Data entries:
╔══
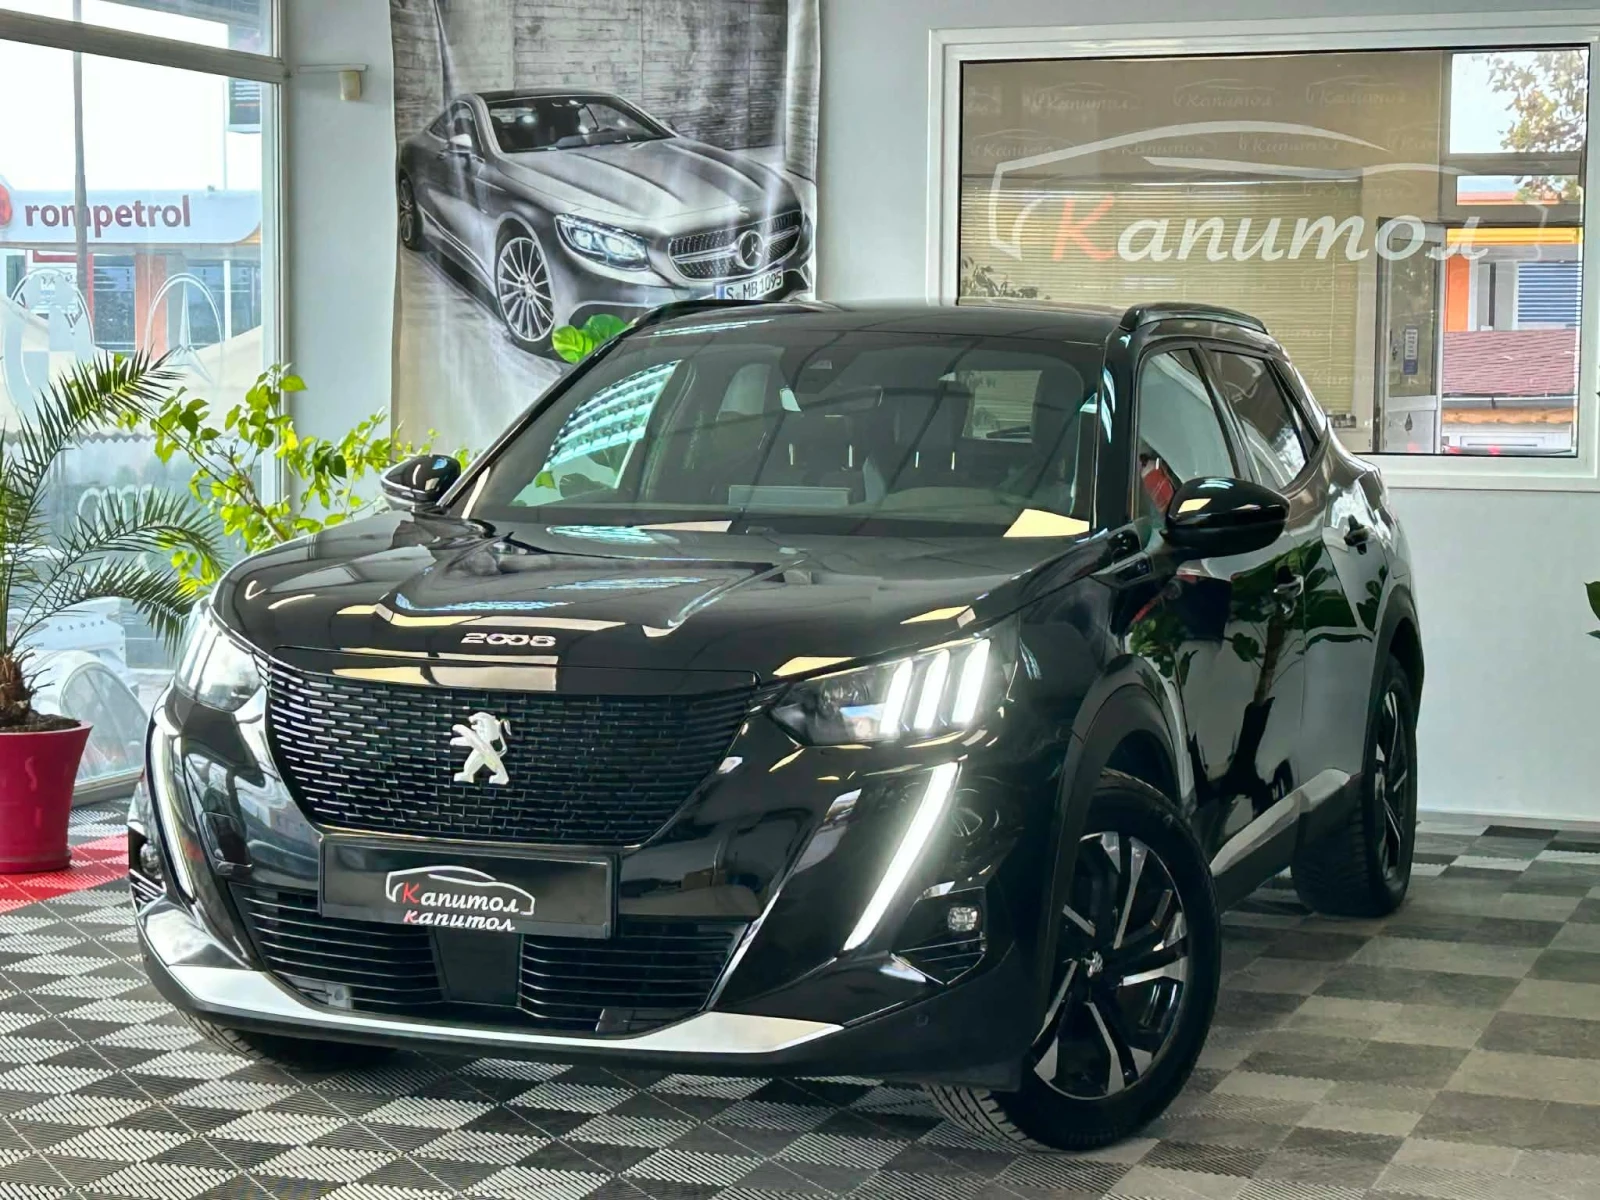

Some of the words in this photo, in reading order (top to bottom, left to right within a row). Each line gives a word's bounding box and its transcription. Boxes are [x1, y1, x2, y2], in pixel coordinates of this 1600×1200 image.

[25, 194, 191, 238] rompetrol
[1052, 192, 1489, 262] Капитол
[460, 632, 556, 647] 2008
[401, 881, 520, 914] Капитол
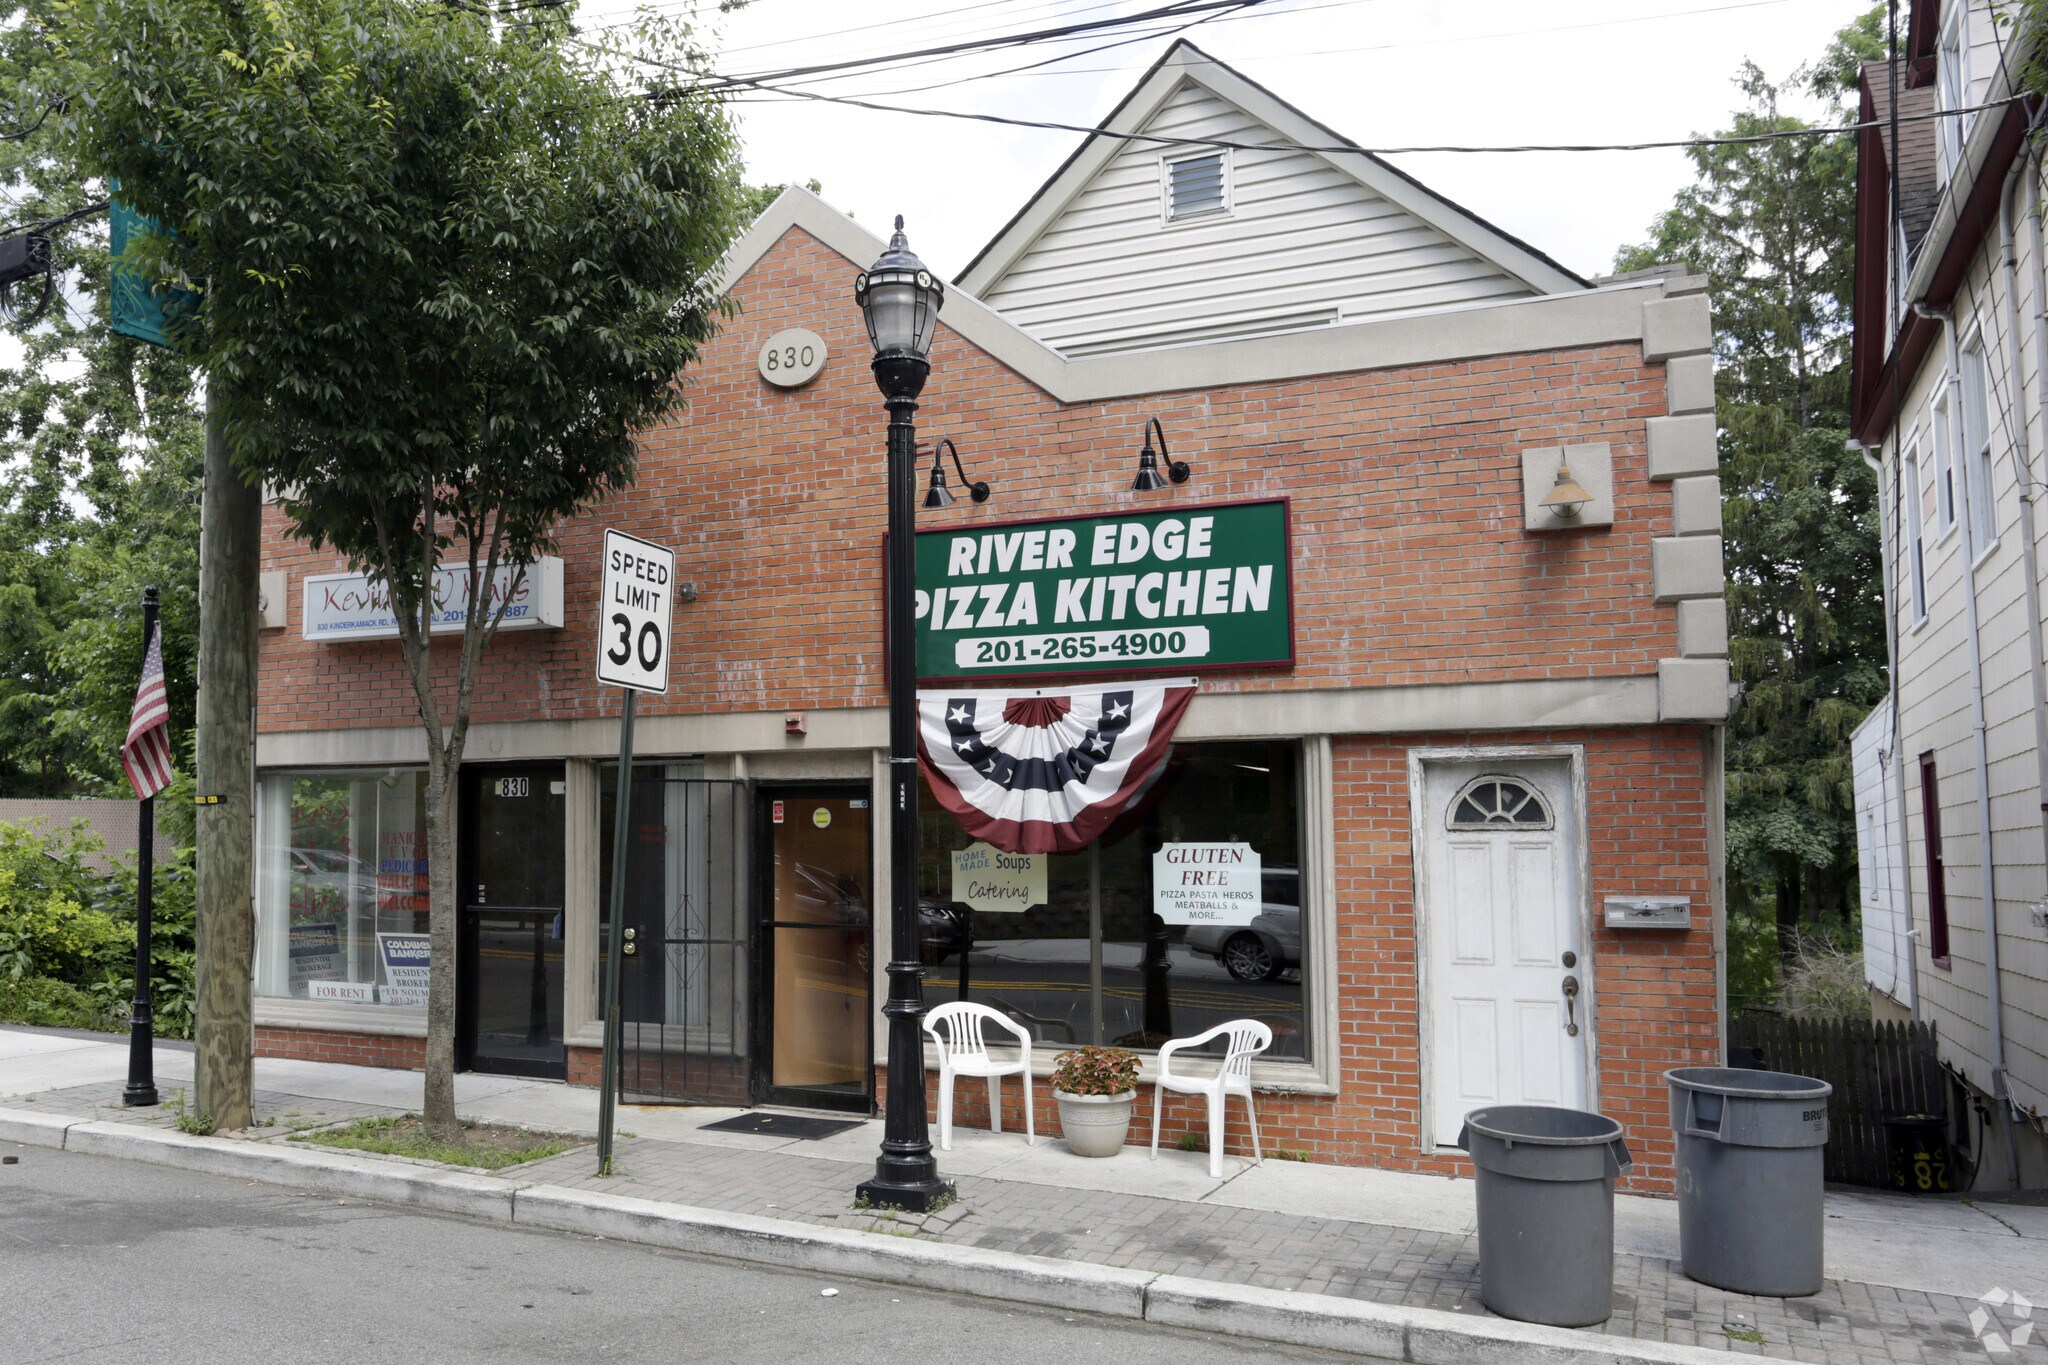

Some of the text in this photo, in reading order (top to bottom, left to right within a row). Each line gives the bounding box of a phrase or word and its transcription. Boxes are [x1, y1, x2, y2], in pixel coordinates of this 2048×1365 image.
╚══
PROBLEM STATEMENT:
Print the data once more without any change, skipping each picture.

RESULT OF THE EXERCISE:
Some of the words in this photo, in reading order (top to bottom, left to right within a row). Each line gives a word's bounding box and its transcription. Boxes are [x1, y1, x2, y2], in pixel coordinates of this 1600×1200 image.

[25, 194, 191, 238] rompetrol
[1052, 192, 1489, 262] Капитол
[460, 632, 556, 647] 2008
[401, 881, 520, 914] Капитол

Some of the text in this photo, in reading order (top to bottom, left to right within a row). Each line gives the bounding box of a phrase or word and its transcription. Boxes are [x1, y1, x2, y2], in pixel coordinates of this 2048×1365 image.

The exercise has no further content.